— Task to carry out —
Set down every line of the data exactly, skipping the pictures.
*** Opening Records ***
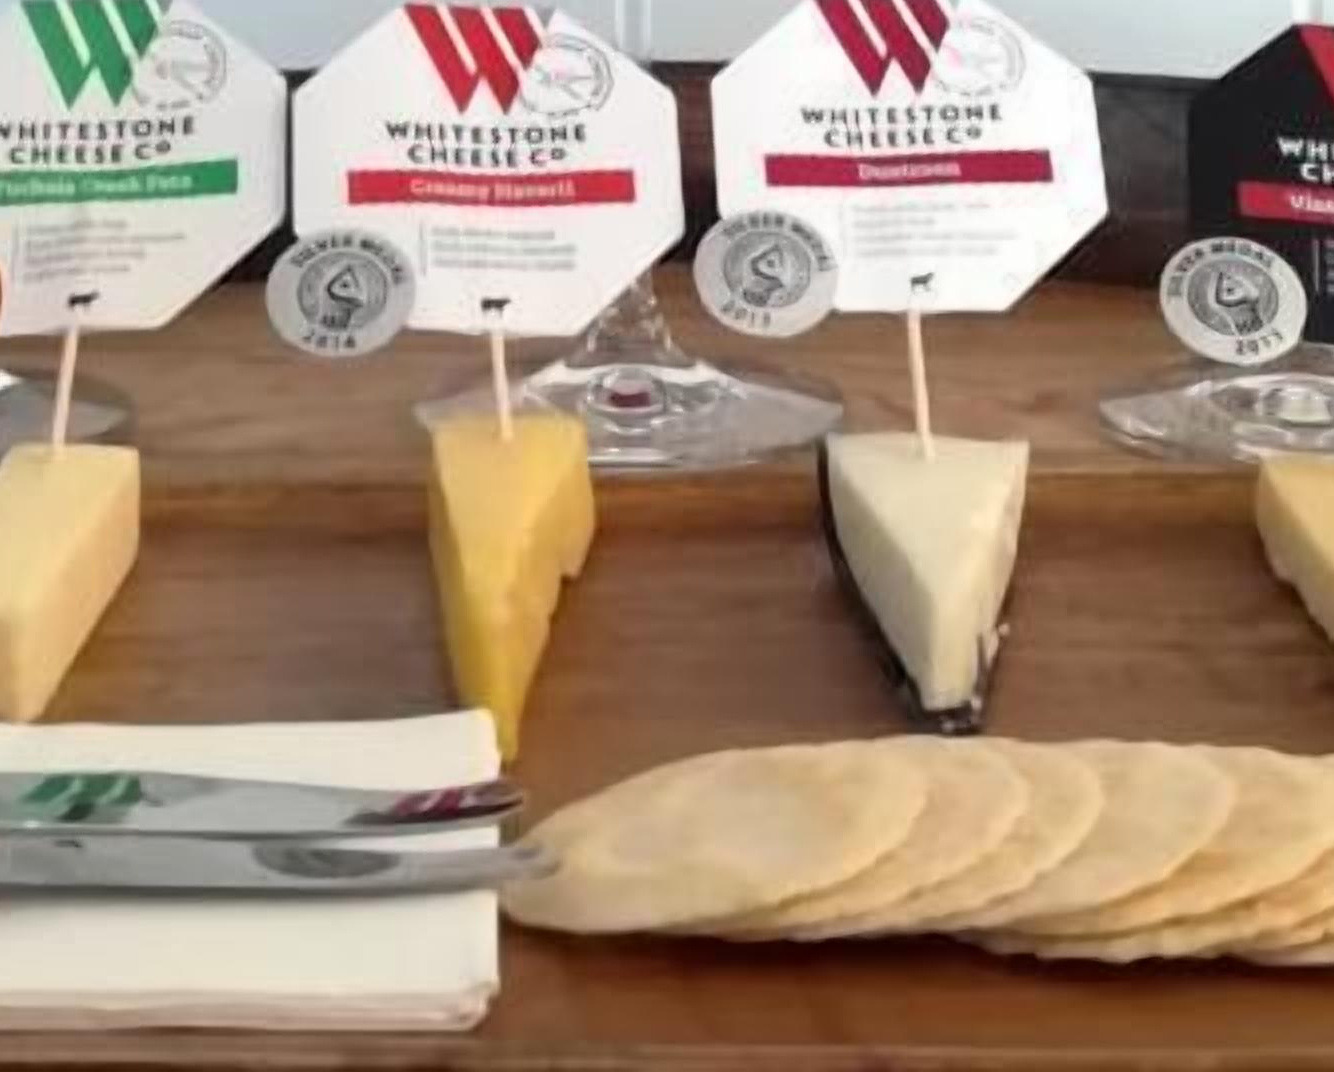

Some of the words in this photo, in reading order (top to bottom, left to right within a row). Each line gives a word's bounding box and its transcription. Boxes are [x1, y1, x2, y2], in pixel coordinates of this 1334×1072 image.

[800, 103, 1002, 125] WHITESTONE
[386, 120, 586, 144] WHITESTONE
[824, 126, 935, 149] CHEESE
[9, 144, 123, 165] CHEESE
[407, 145, 517, 168] CHEESE
*** Closing Records ***
— Response —
Some of the words in this photo, in reading order (top to bottom, left to right within a row). Each line gives a word's bounding box and its transcription. Boxes are [x1, y1, x2, y2], in pixel coordinates of this 1334×1072 image.

[800, 103, 1002, 125] WHITESTONE
[386, 120, 586, 144] WHITESTONE
[824, 126, 935, 149] CHEESE
[9, 144, 123, 165] CHEESE
[407, 145, 517, 168] CHEESE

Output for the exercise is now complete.